The Royal Australian Air Force (RAAF) announced Thursday its personnel will now be known as aviators rather than airmen, as it marks 100 years since its foundation.
“We are all aviators,” Australia’s Chief of Air Force, Air Marshal Mel Hupfeld said. “In everything that we do, we are aviators first and foremost.”
The Sydney Morning Herald reports Air Marshal Hupfeld said the change comes as he strives to instil a “stronger sense of identity” among the ranks in a move that further progresses away from the original stand alone Women’s Auxiliary Australian Air Force (WAAAF) which was formed in March 1941 before being disbanded in December 1947.
“Of all the work that has been done in developing our Air Force culture, the most challenging dilemma has been fully explaining who we are,” Air Marshal Hupfeld said in a statement on Thursday afternoon. “We understand well enough what we are and what we do – but have never quite managed to successfully articulate WHO we are. We are ALL aviators.”
Women make up more than 20 percent of the nearly 15,000 personnel in the RAAF, a 2019 report found, the highest female participation in any branch of the country’s military. The air force aims to have women make up 25 percent of its members by 2023.
Women have been eligible for flying roles in the RAAF since 1987.
The change in nomenclature Down Under follows Britain’s Royal Air Force (RAF) which is embracing gender-neutral pronouns such as ‘Ze’, ‘Per’, and ‘Hir’ to become “fit for the 21st century” as part of a broder shake-up of terminology across UK military forces.

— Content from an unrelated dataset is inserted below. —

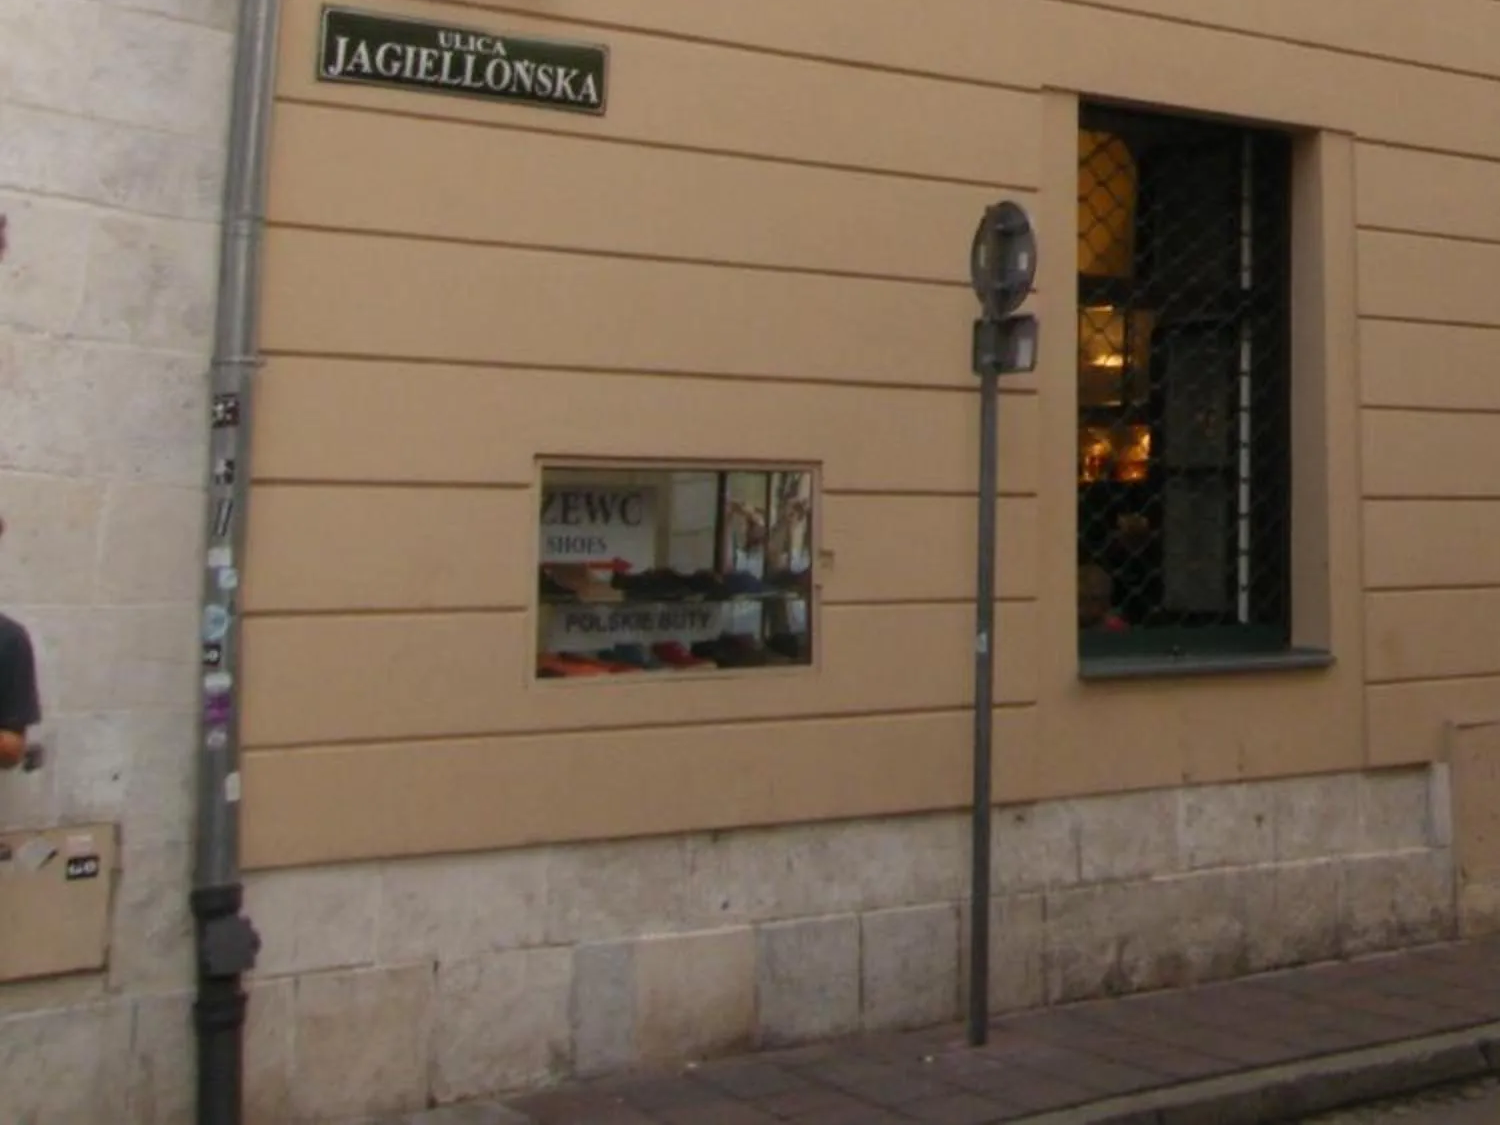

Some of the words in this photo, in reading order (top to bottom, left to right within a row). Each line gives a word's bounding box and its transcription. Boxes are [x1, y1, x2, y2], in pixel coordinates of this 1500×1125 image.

[437, 31, 506, 55] ULICA
[329, 36, 599, 104] JAGIELLOŃSKA
[547, 535, 607, 555] SHOES
[657, 611, 712, 630] BUTY

As Breitbart London reported, the 102-year-old air force revealed to Forces.net it “actively promotes diversity and inclusion throughout its ranks in a number of ways” and that the “open and transparent sharing of chosen pronouns is one way we can be an inclusive employer.”
The charges mean, according to Forces.net, that from now on “a Leading Aircraftman could be referred to as a Leading Aircraft-Per,” for example.